PENDANT longtemps, Garneau se retint d’aller du côté de Saint-Laurent, près de cette usine où, des années durant, chaque matin l’avait régulièrement ramené. Cela l’eût gêné qu’on le rencontrât dans cette promenade nostalgique et que l’on pût en deviner la raison sentimentale. Et, surtout, d’être désormais sans importance en ce lieu où si longtemps il avait régné lui eût été assurément désagréable.

Un jour cependant qu’une course l’avait conduit de ce côté, il ne put tenir.

Le changement et l’activité qu’il y trouva le surprirent. Jusque dans la façade, qu’y avait-il de si changé qu’elle lui parût à ce point étrangère ? Il lui fallut un bon moment pour qu’il se rendît compte. La vieille affiche de la St Lawrence Corporation avait disparu, évidemment. À sa place, tout neuf encore, un immense panneau annonçait : British Motor Works (Montreal Division). Des bâtiments nouveaux, tentaculaires, avaient été ajoutés aux anciens qui de ce fait semblaient diminués et désormais sans valeur. Une haute clôture de barbelés entourait le terrain ; contre quoi ? grand Dieu ! De ce qui jadis était ses bureaux on avait fait un poste de réception des marchandises.

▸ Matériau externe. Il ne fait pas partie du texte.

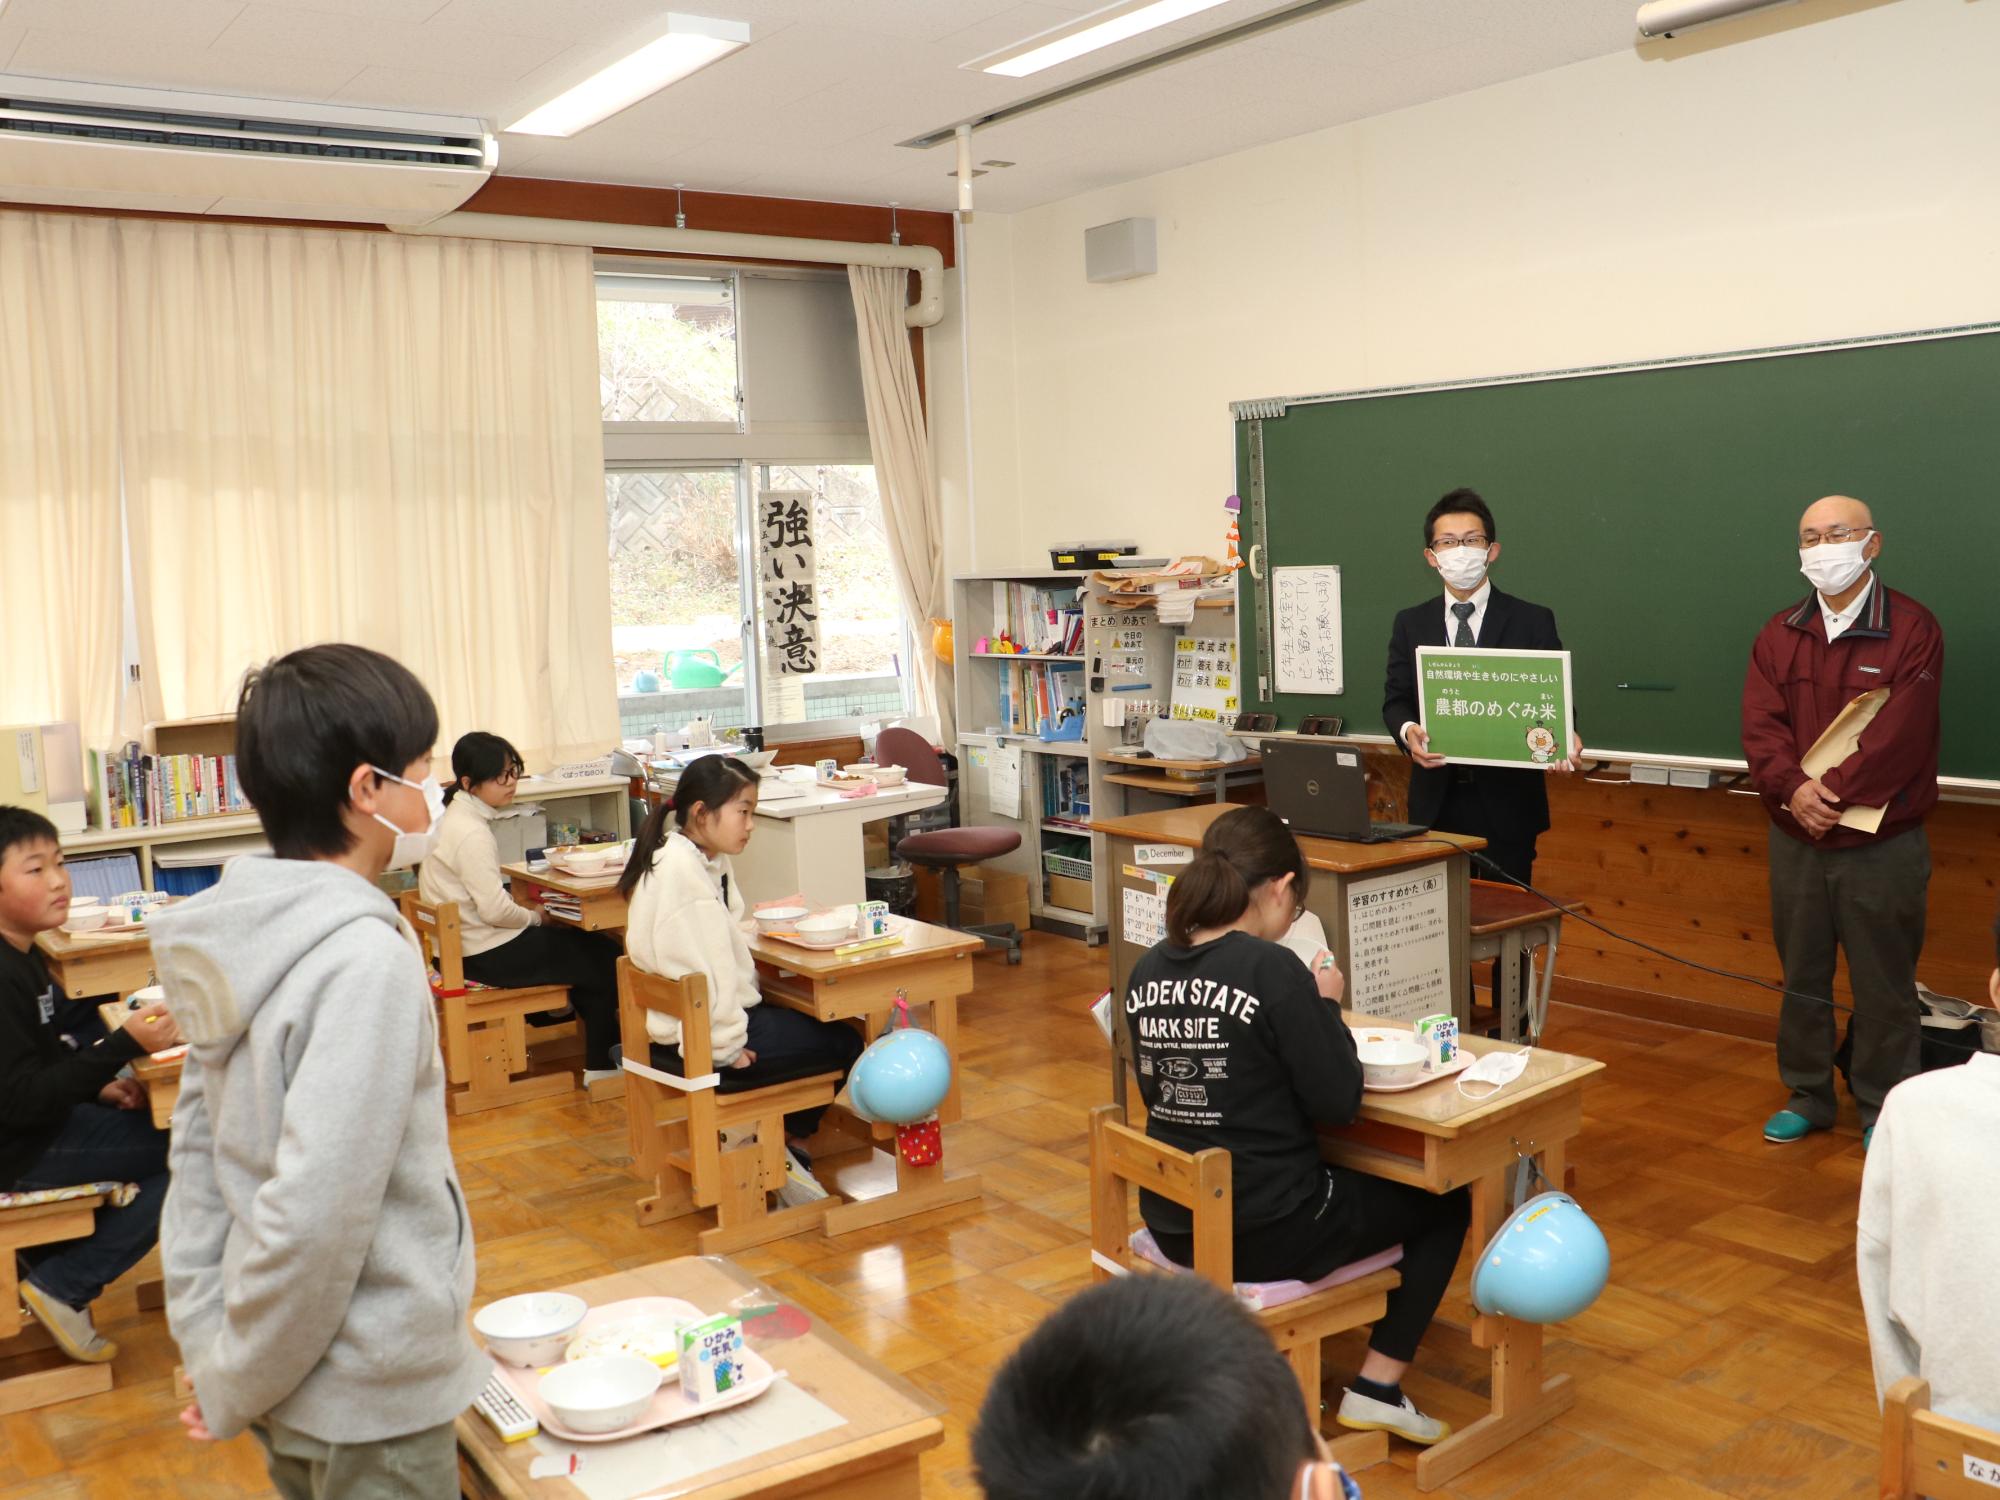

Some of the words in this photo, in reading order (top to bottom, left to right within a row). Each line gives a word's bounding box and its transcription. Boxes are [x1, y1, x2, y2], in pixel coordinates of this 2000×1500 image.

Et ce n’était point fini. À l’arrière-plan, des pelles mécaniques mordaient violemment le sol pour préparer de nouvelles fondations. En procession ininterrompue, les camions venaient sans s’arrêter présenter de justesse leur ventre béant pour recevoir le contenu des pelles.

Visiblement l’atelier n’était point encore en production bien que les vieux bâtiments fussent occupés. Mais les branches de l’épi étaient encombrées de wagons plats où, sous des bâches, d’énormes machines attendaient impatiemment les déchargeurs. Il s’étonna.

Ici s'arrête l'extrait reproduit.